In determining whether a plea of double jeopardy can be sustained the test is whether the second prosecution places the defendant twice in jeopardy for the same *458 offense, and not whether he has been tried before upon the same acts, circumstances or situation, the facts of which may sustain a conviction for a separate offense. State v. Bowden, 154 Fla. 511, 18 So.2d 478 (1944). To constitute double jeopardy, it is not enough that the second prosecution arises out of the same facts as the first, but the second prosecution must also be for the same offense. State v. Shaw, 219 So.2d 49 (Fla. 2d DCA 1969). However, when a defendant is placed in jeopardy for a lesser degree of an offense and is thereafter charged with a higher degree of the same offense, he has been placed in double jeopardy and the subsequent prosecution is barred. Southworth v. State, 98 Fla. 1184, 125 So. 345 (1929); State ex rel. Landis v. Lewis, 118 Fla. 910, 160 So. 485 (1935); Greene v. City of Gulfport, 103 So.2d 115 (Fla. 1958).

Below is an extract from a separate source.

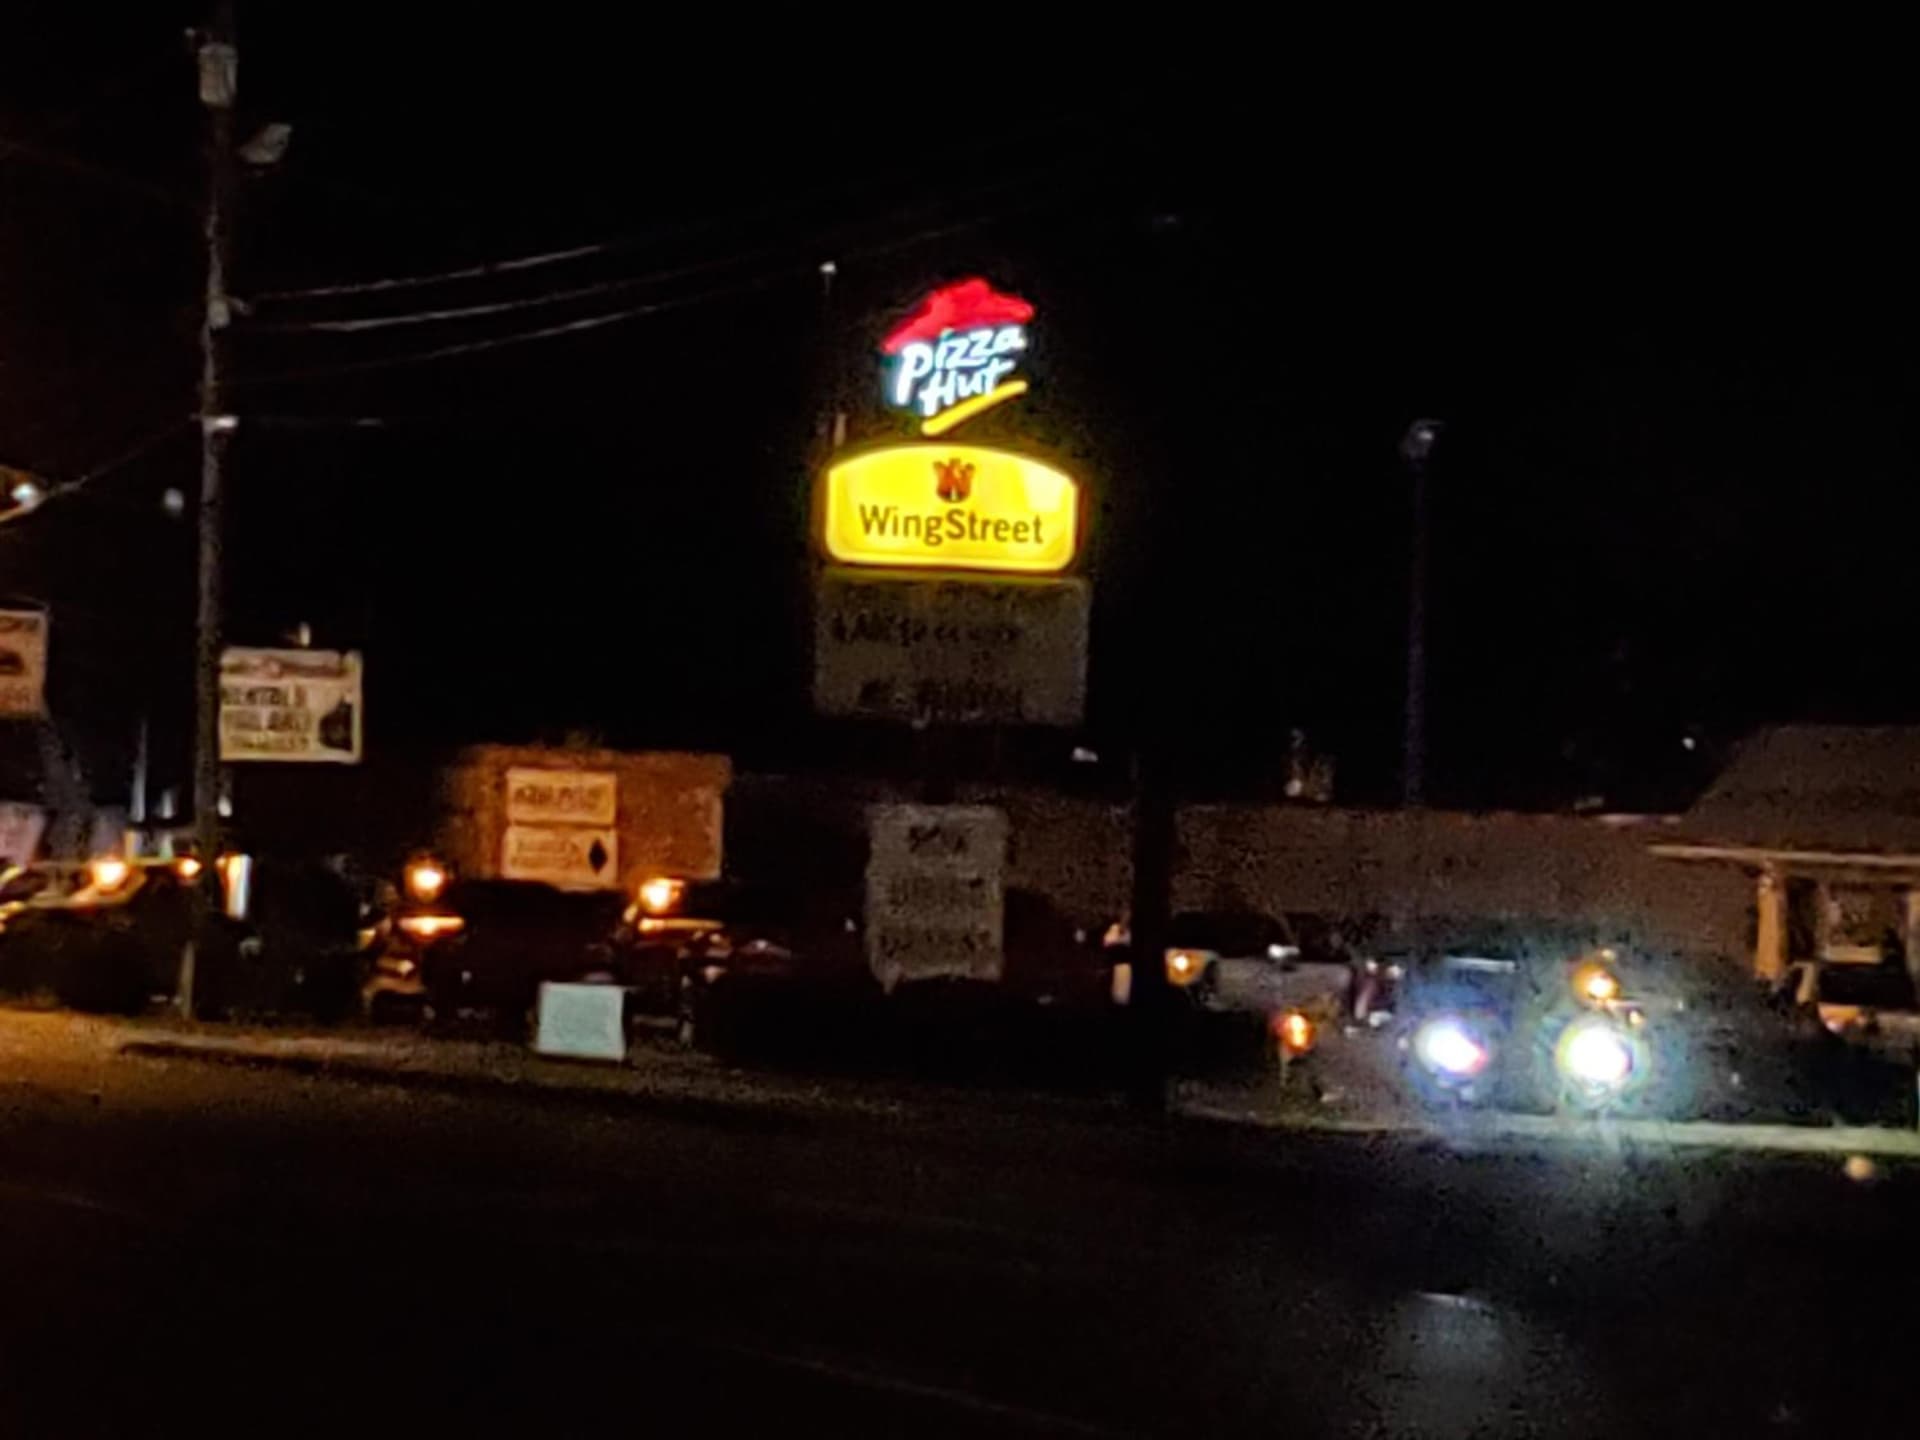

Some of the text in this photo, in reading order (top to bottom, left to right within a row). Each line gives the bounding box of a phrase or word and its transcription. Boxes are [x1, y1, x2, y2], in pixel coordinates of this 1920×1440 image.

[895, 325, 1027, 405] Pizza
[918, 360, 1016, 416] Hut
[859, 503, 1044, 547] WingStreet

Applying the foregoing principles to the facts of this case, we think the following language in State v. Peavey, 326 So.2d 461, 462-63 (Fla. 2d DCA 1975), cert. denied, 336 So.2d 1184 (Fla. 1976), is most appropriate:

To begin with, we would agree that in all events under the facts herein Peavey could have been guilty of only one offense of possession of marijuana on the day and time in question. This is so because, within the contemplation of criminal sanctions, one is deemed at least "constructively" possessed of contraband at a given time and place if he has knowledge of its presence on or about his person or premises and has the present ability exclusively or jointly with another to maintain control over it or reduce it to his physical possession or use; and it matters not, we think, with respect to dispersible contraband of a given kind, such as here, that it may be cached or located in different places on or about his person or on or about his premises. The several such contemporaneous "possessions" constitute but one offense.[2]
[2] See Zimmerman v. State (1938), 173 Tenn. 673, 122 S.W.2d 436; Puckett v. Commonwealth (1925), 210 Ky. 768, 276 S.W. 811; Green v. State (1928), 22 Ala.App. 536, 117 So. 607. Also cf. Beaman v. State (1940), 69 Okla. Cr. 455, 104 P.2d 260; People v. Von Latta (1968), 258 Cal. App.2d 329, 65 Cal. Rptr. 651.

(Footnote 1 omitted; emphasis original.)

Appellant here contemporaneously possessed the marijuana on his person and that found in and about the jacket on the rear floor of the Buick where he was seen bending over immediately prior to being ordered to exit the automobile; such contemporaneous possession constituted but one offense. Under these circumstances and for the purpose of double jeopardy, we fail to see how there can be a legal distinction between the produce leaving the peddler's hand or in his pocket and that still on the push cart. Accordingly, we reverse the circuit court order withholding adjudication of guilt and placing appellant on probation and remand with direction to dismiss the information.

HURLEY and DELL, JJ., concur.

NOTES

[1] The State had been unable to determine ownership of the Buick.